Material for the task Start Marker

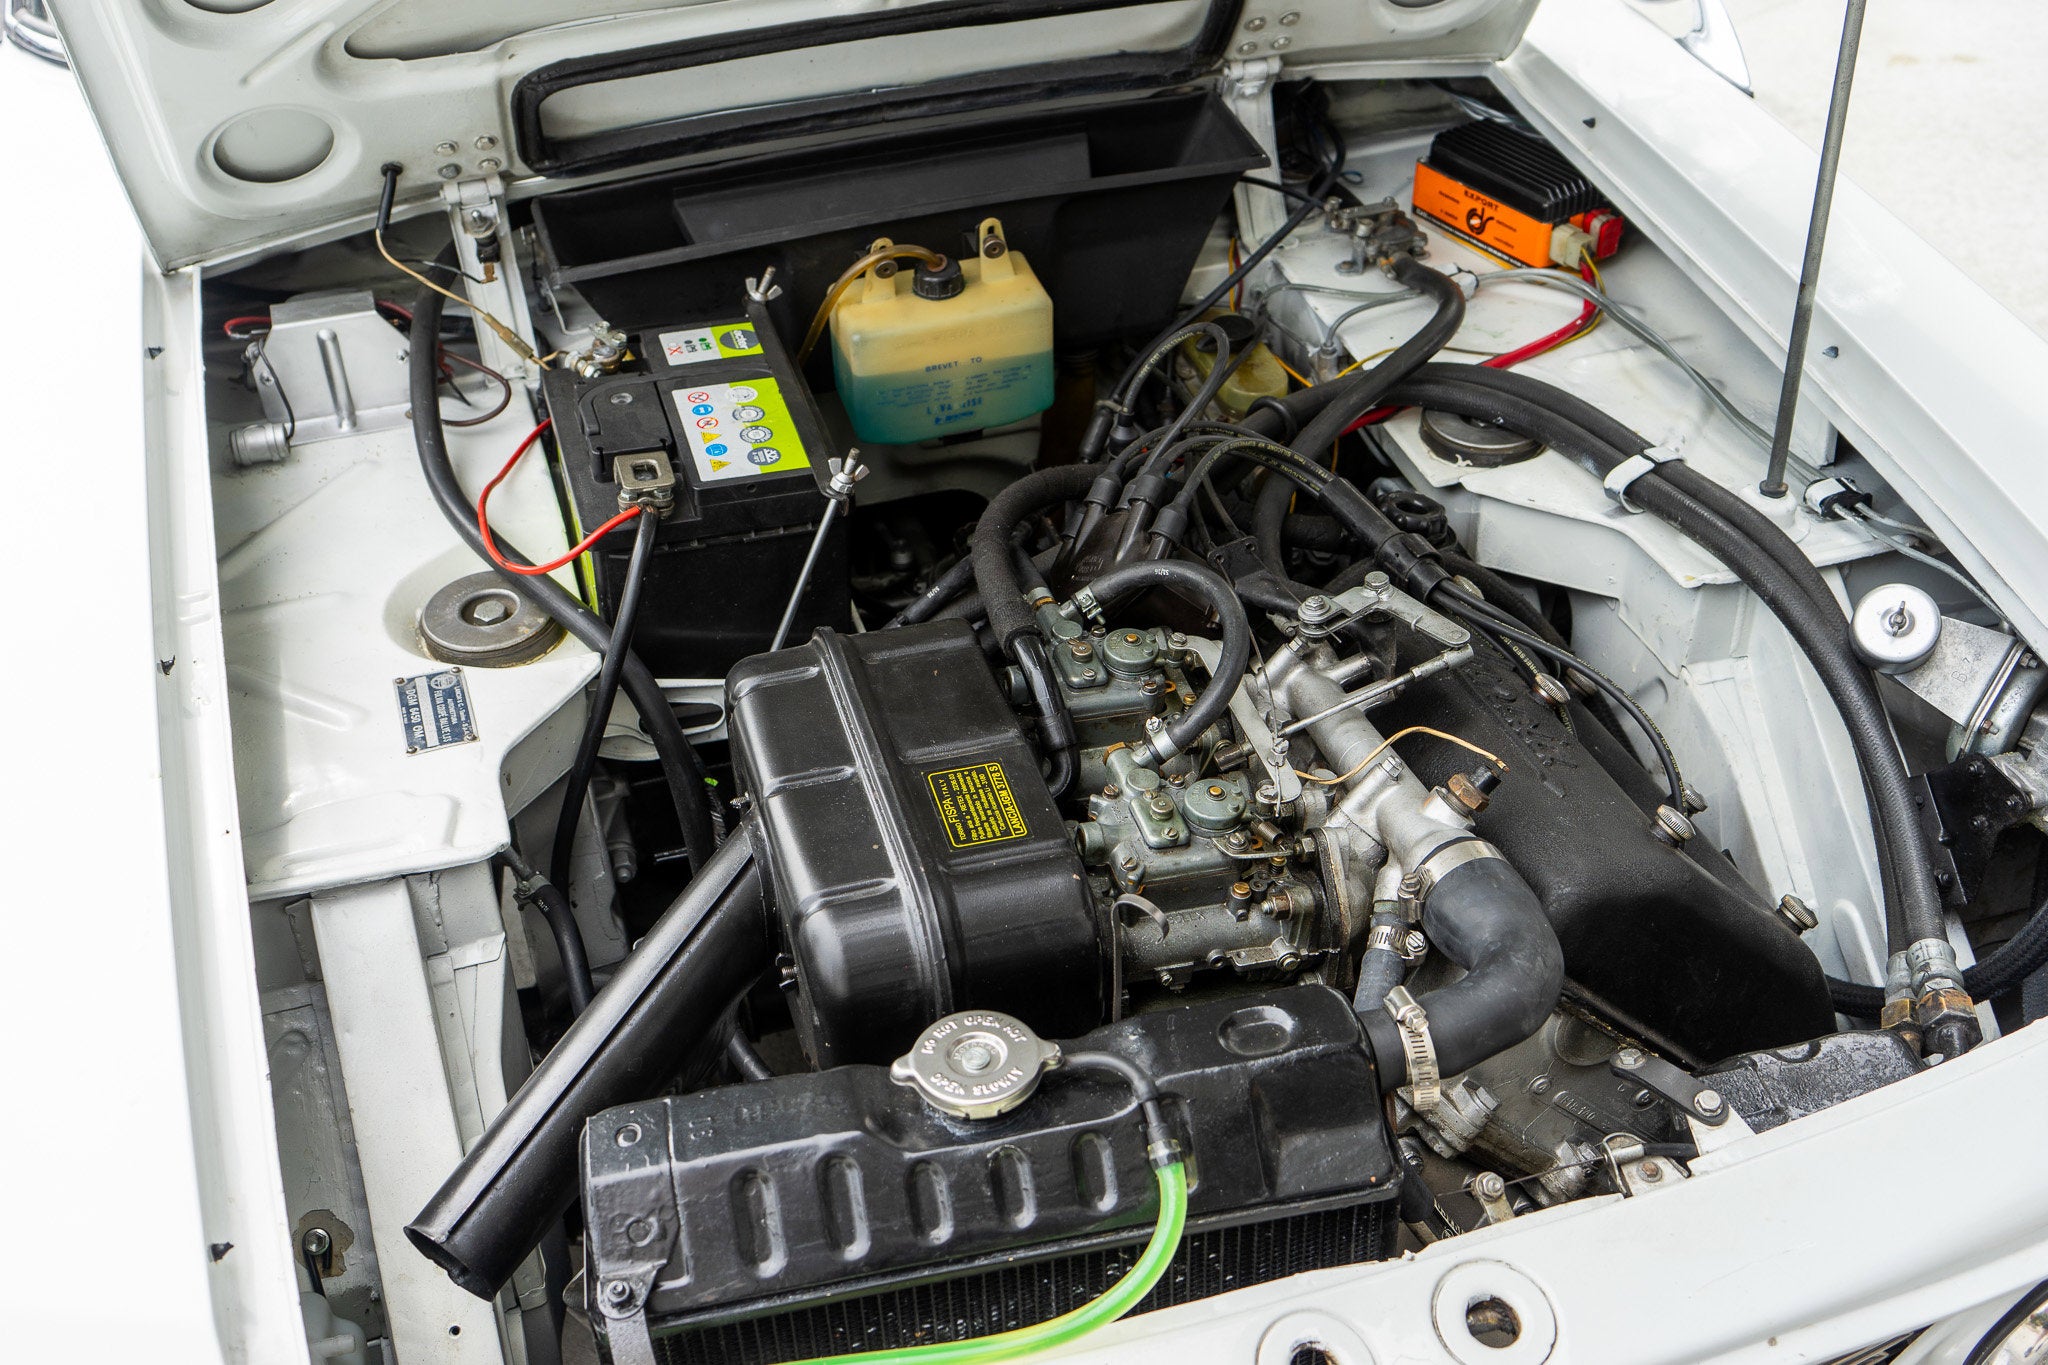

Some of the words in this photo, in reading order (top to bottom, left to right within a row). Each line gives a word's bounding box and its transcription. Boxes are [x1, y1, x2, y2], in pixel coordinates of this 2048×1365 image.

[1464, 190, 1498, 210] EXPORT
[405, 688, 418, 705] DGM
[408, 707, 421, 723] 6450
[412, 724, 424, 738] OM
[939, 779, 950, 797] ITALY
[991, 772, 1005, 789] 3778
[942, 798, 960, 823] FISPA
[997, 789, 1024, 833] LANCIA-IGM
[955, 822, 967, 840] TORINO
[933, 1020, 958, 1039] NOT
[963, 1015, 1001, 1029] OPEN
[930, 1072, 966, 1096] OPEN
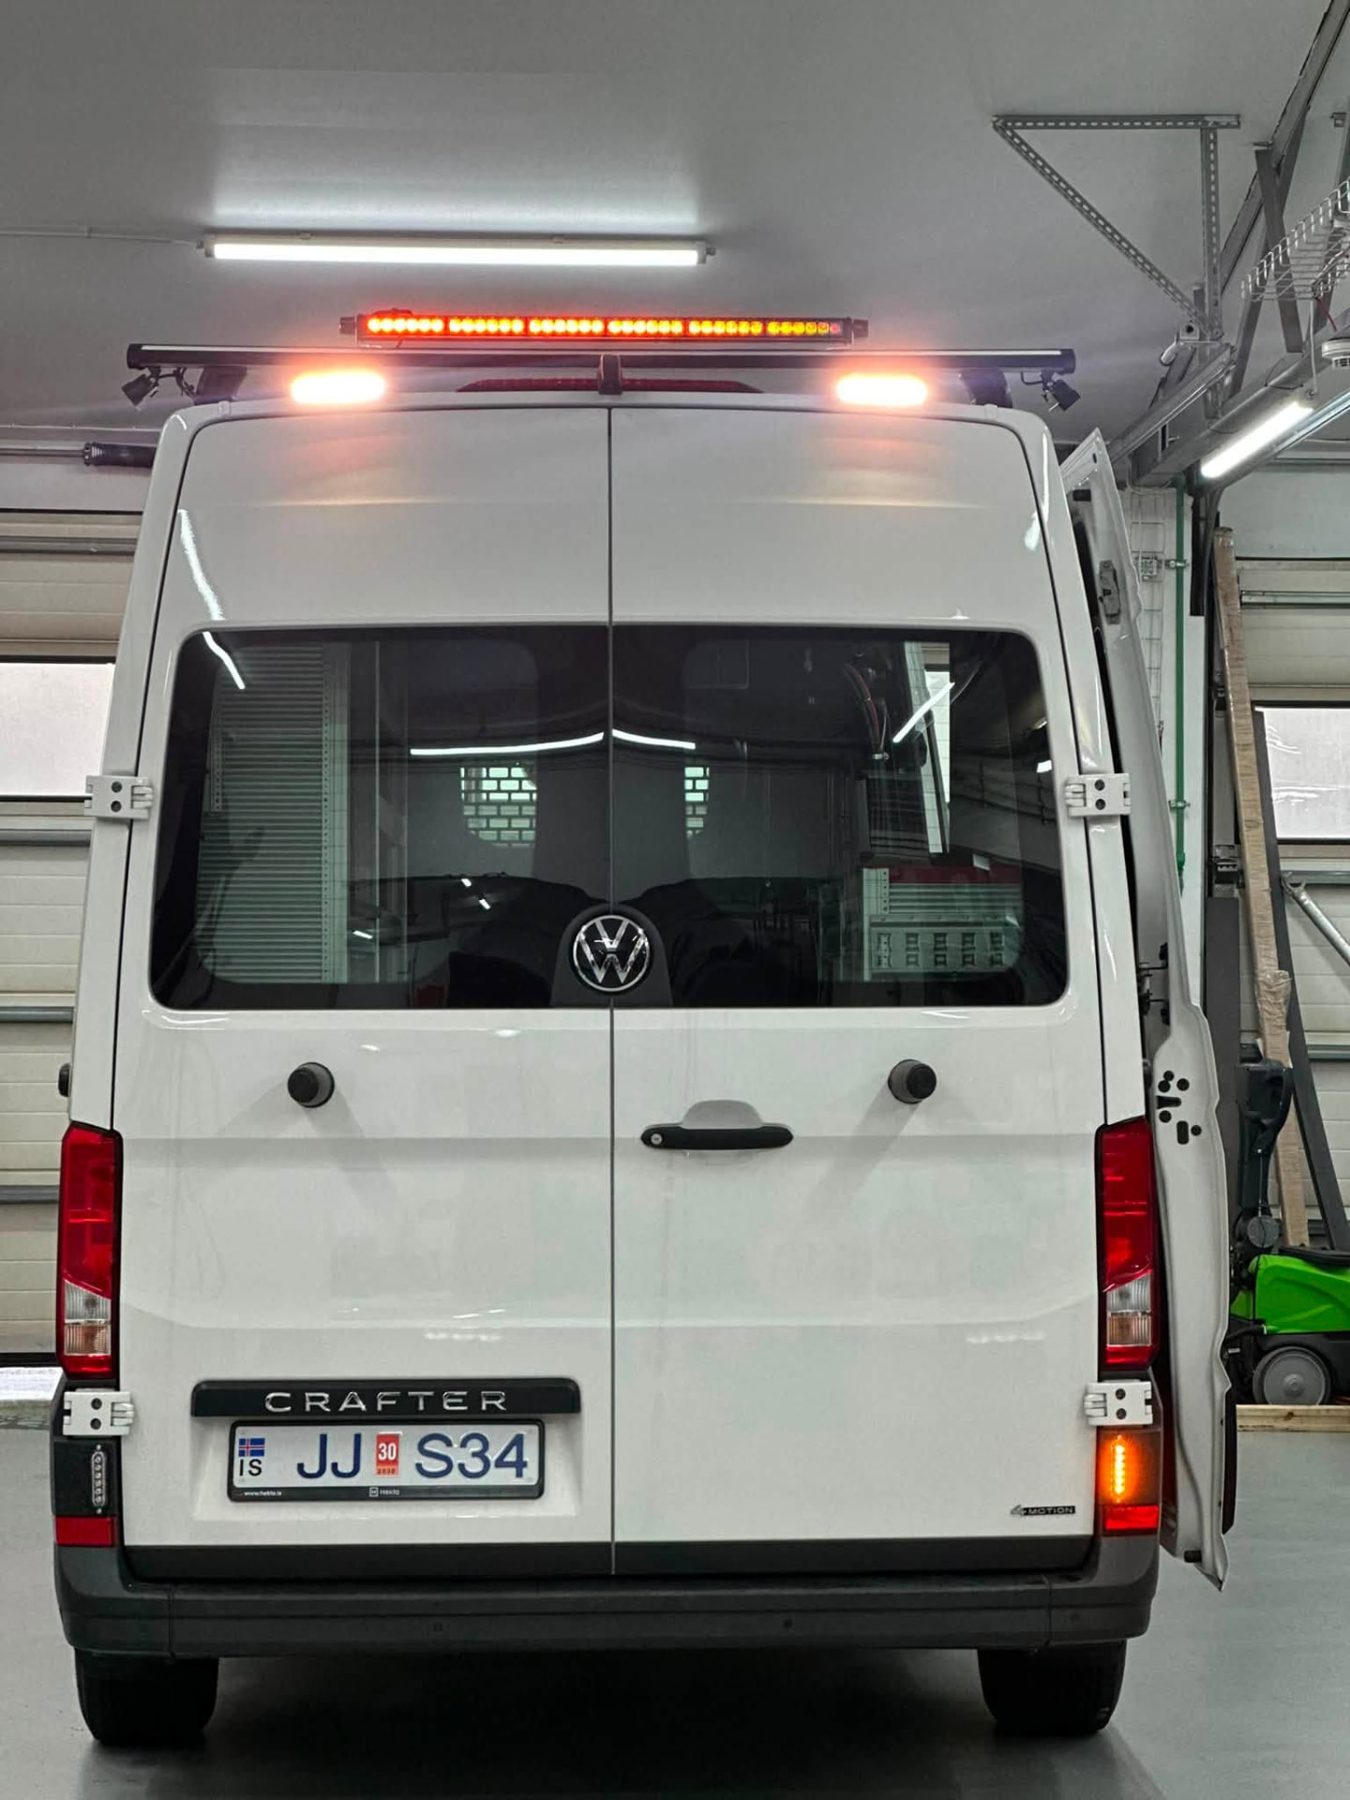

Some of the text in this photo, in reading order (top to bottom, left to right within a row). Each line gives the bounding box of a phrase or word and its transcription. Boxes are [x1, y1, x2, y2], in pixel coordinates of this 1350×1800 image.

[265, 1391, 507, 1412] CRAFTER
[297, 1432, 528, 1479] JJ S34
[378, 1442, 397, 1461] 30
[239, 1458, 263, 1476] IS
[1010, 1504, 1075, 1516] 4MOTION
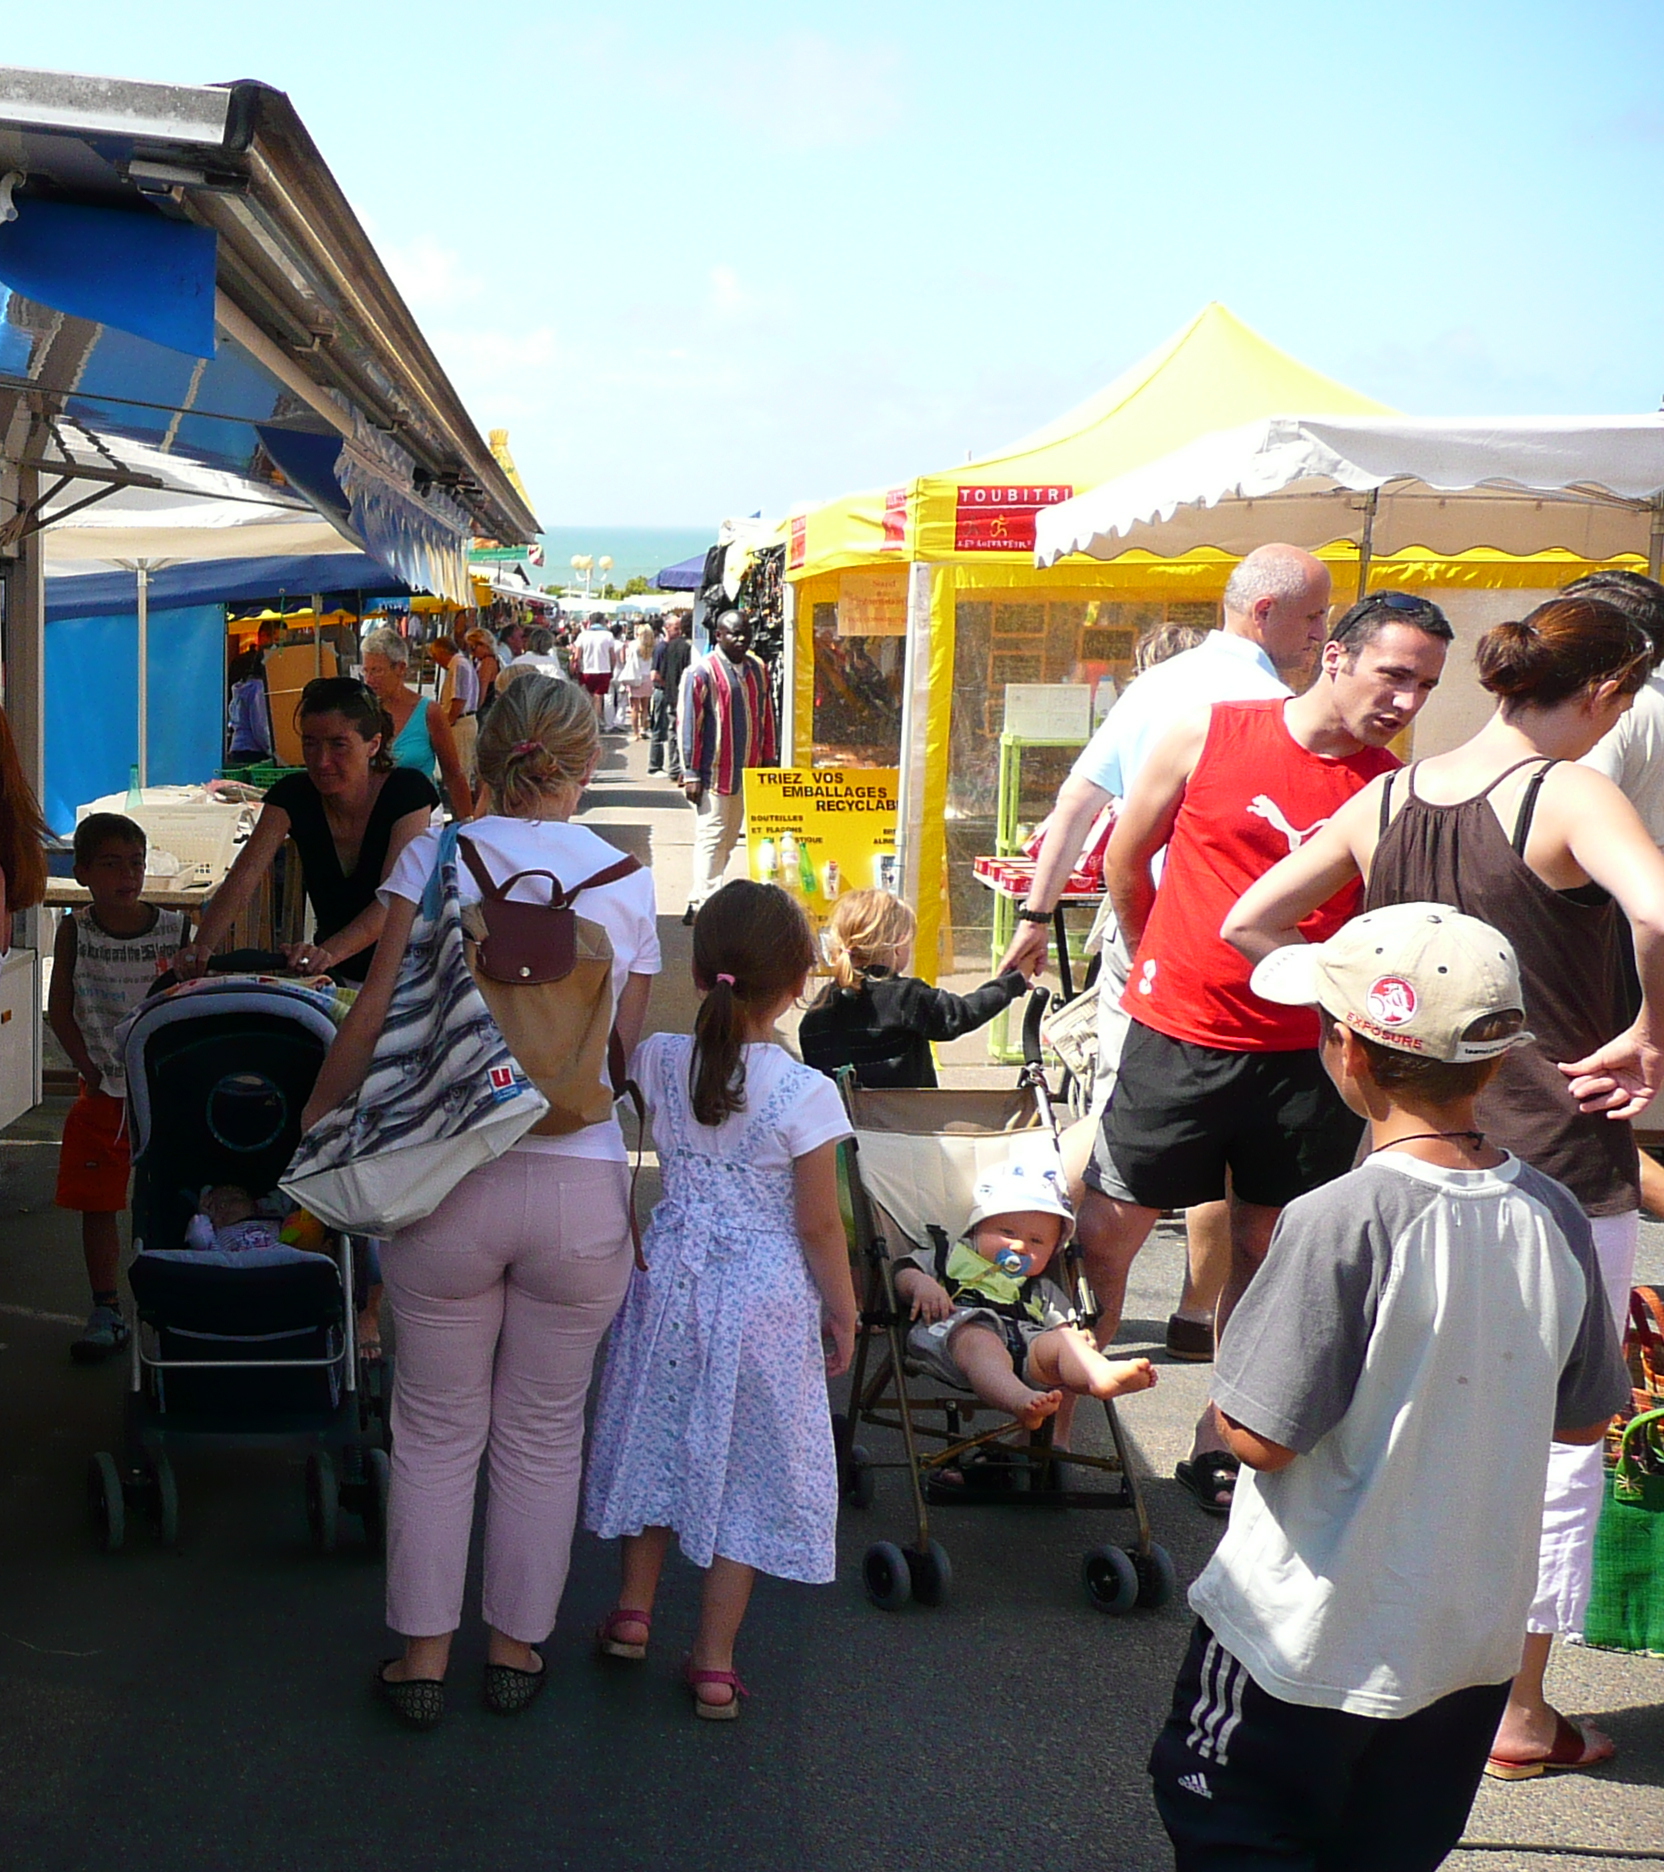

Material for the task End Marker

• Work to be completed:
Please transcribe every record above exactly as written, leaving out the pictures.

• Exercise solution:
Some of the words in this photo, in reading order (top to bottom, left to right within a row). Each line gives a word's bounding box and its transcription. Boxes are [x1, y1, x2, y2], in pixel coordinates of this 2048×1365 image.

[1464, 190, 1498, 210] EXPORT
[405, 688, 418, 705] DGM
[408, 707, 421, 723] 6450
[412, 724, 424, 738] OM
[939, 779, 950, 797] ITALY
[991, 772, 1005, 789] 3778
[942, 798, 960, 823] FISPA
[997, 789, 1024, 833] LANCIA-IGM
[955, 822, 967, 840] TORINO
[933, 1020, 958, 1039] NOT
[963, 1015, 1001, 1029] OPEN
[930, 1072, 966, 1096] OPEN

Some of the text in this photo, in reading order (top to bottom, left to right within a row). Each line gives the bounding box of a phrase or word and its transcription. Boxes are [x1, y1, x2, y2], in pixel coordinates of this 1350×1800 image.

[265, 1391, 507, 1412] CRAFTER
[297, 1432, 528, 1479] JJ S34
[378, 1442, 397, 1461] 30
[239, 1458, 263, 1476] IS
[1010, 1504, 1075, 1516] 4MOTION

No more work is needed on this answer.